Все это говорит в пользу высокого уровня цивилизации в строго материальном смысле слова, но, к сожалению, неуемная жажда тешить себя визуальными радостями граничит с бахвальством, что в условиях буржуазной демократии равнозначно пошлости. Голландия не избежала этой участи, как показывает творчество Питера де Хоха. В 1660-м он писал простые чистенькие интерьеры: прибранное, залитое светом уютное пространство. Через десять лет интерьеры на его картинах уже роскошные, вместо беленых стен – обивка из испанской кожи с золотым тиснением. Народ разбогател, а картины утратили половину своего очарования. За неимением лучшего буржуазный капитализм начал выпячивать самодовольство и сентиментальность.

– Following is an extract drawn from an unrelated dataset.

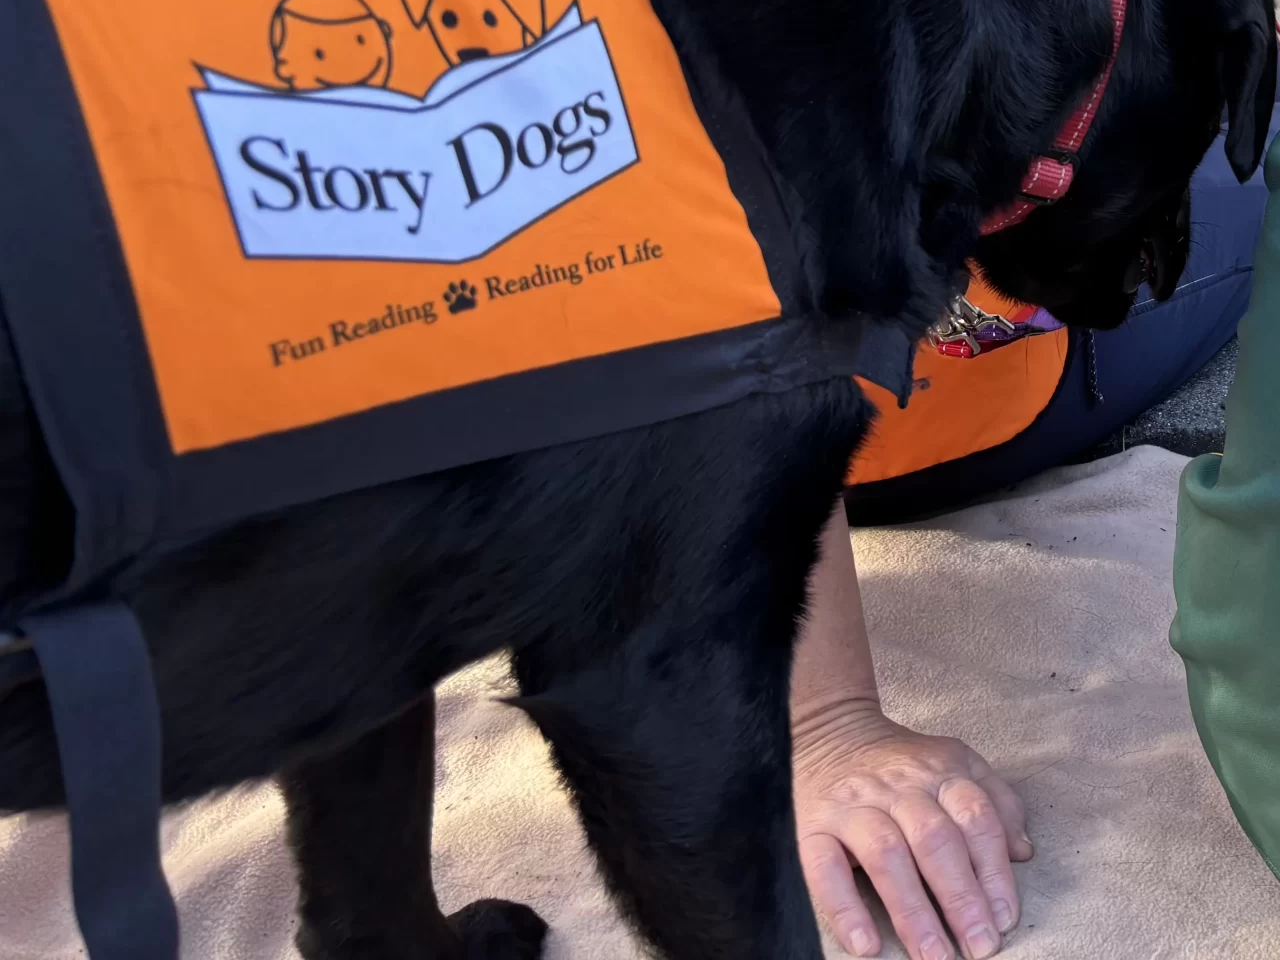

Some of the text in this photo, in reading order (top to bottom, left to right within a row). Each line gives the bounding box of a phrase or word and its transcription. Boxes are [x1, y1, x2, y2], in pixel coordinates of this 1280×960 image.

[239, 91, 613, 235] Story Dogs
[268, 238, 663, 368] Fun Reading Reading for Life

Стоит ли удивляться, что ранневикторианские художники подражали жанровым картинам Метсю и Терборха. Философия, ставившая во главу угла опыт и наблюдение, подразумевала запрос на реализм в самом буквальном смысле слова. В XIX веке одной из самых знаменитых голландских картин считался «Бык» Паулюса Поттера. Честно говоря, я и сейчас нахожу эту вещь неотразимой. Мне надоели абстракции – слишком быстро они приедаются и уже ничего, кроме скуки, не вызывают, а вот бесхитростный реализм овечьей головы завораживает меня так, что я не могу оторвать от нее глаз, и огромный молодой бык, подчиняющий себе прекрасно написанный пейзаж, преследует меня как наваждение. Однако справедливости ради соглашусь, что буржуазные сантименты вкупе с реализмом оборачиваются порой страшной пошлостью. Наверное, историк-детерминист, анализируя общественно-экономические отношения в Голландии XVII века, сказал бы, что другого искусства у голландцев и быть не могло. Допустим, но ведь у них есть Рембрандт.

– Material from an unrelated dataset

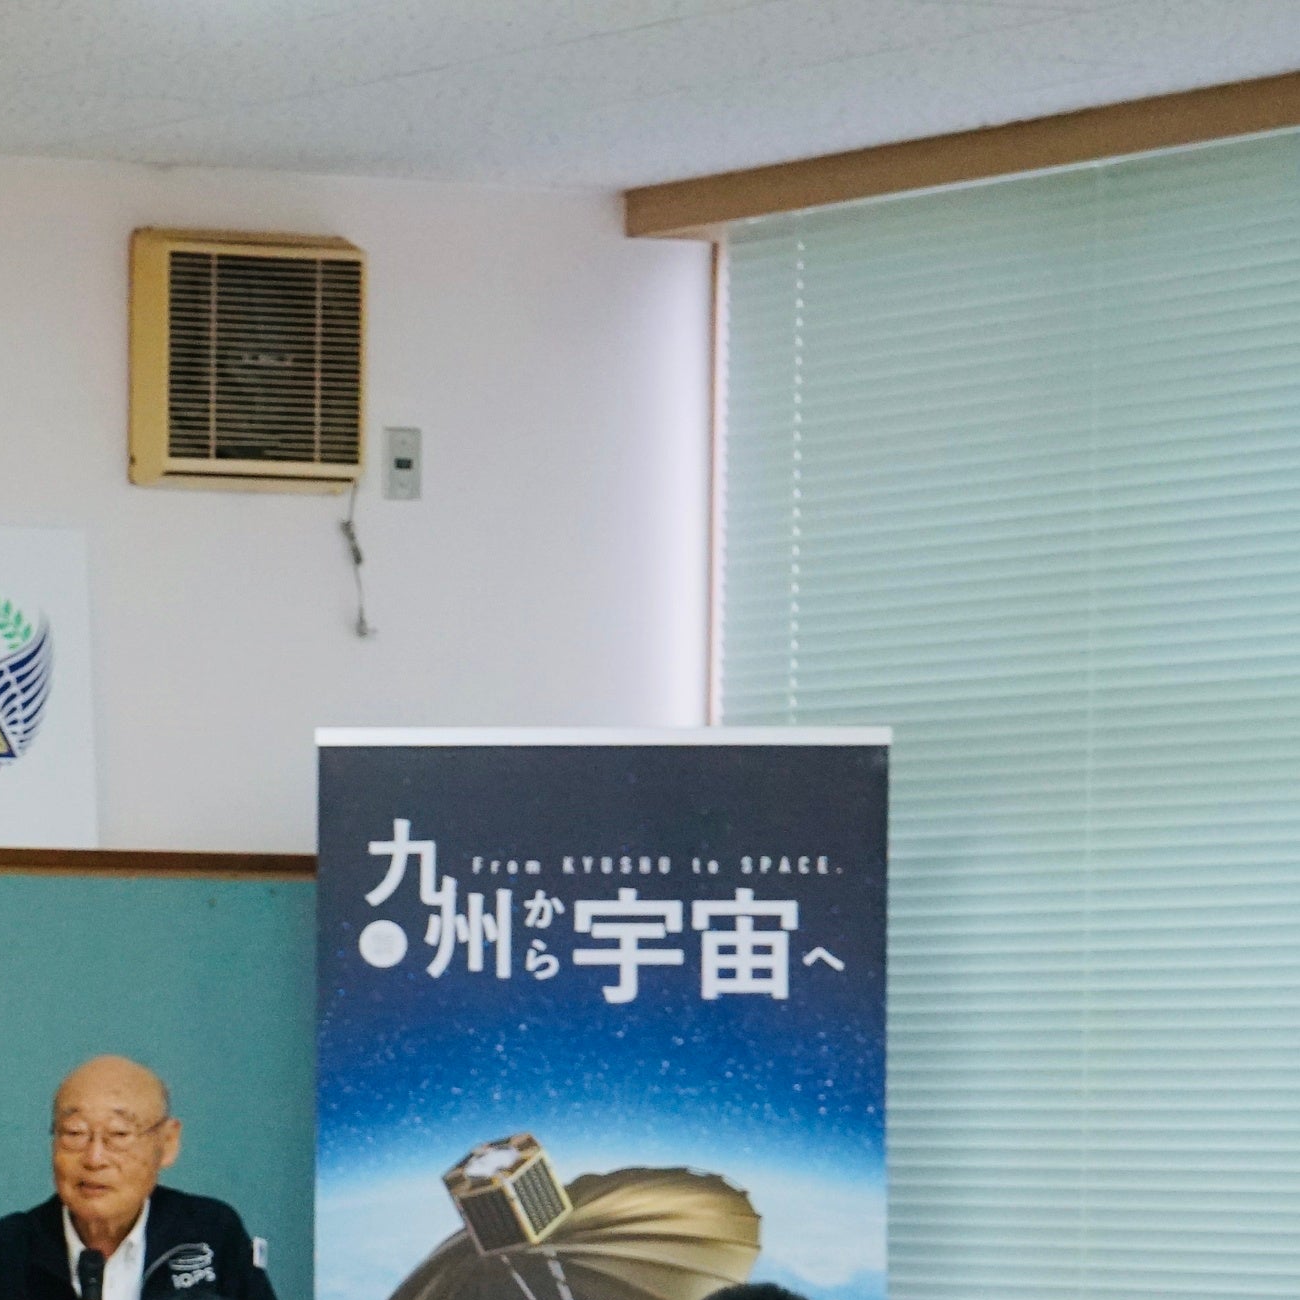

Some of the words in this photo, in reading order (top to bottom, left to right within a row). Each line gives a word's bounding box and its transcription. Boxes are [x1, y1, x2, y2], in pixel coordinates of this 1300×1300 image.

[471, 855, 541, 875] From
[561, 855, 672, 875] KYUSHU
[691, 856, 720, 875] to

Изучая историю цивилизации, необходимо стремиться к балансу в оценке индивидуальной гениальности и нравственного или духовного состояния общества. Рискуя показаться иррациональным, признаюсь, что я верю в человеческий гений. Верю в то, что все или почти все великое в этом мире свершилось благодаря гениальным личностям. И вместе с тем трудно отделаться от мысли, что такие титанические фигуры, как Данте, Микеланджело, Шекспир, Ньютон, Гёте, в известной мере выражают самый дух своей эпохи. Едва ли они могли достичь таких высот, если бы развивались в изоляции: слишком велик их масштаб, их непостижимая всеохватность. Словом, загадка. Вот почему случай Рембрандта так важен в свете этой дилеммы. Нет ничего проще – и удобнее для историка, – чем представить голландское искусство без Рембрандта, да и не было в Голландии никого хотя бы отдаленно сопоставимого с ним: это не Шекспир с плеядой поэтов и драматургов, предшественников и современников. Тем не менее сам факт, что Рембрандт добился мгновенного и триумфального успеха и больше со славой не расставался – его офорты и рисунки всегда были в моде – и что за двадцать лет чуть ли не каждый голландский художник прошел через его мастерскую, доказывает только одно: духовная жизнь тогдашней Голландии нуждалась в нем и, значит, в каком-то смысле создала его.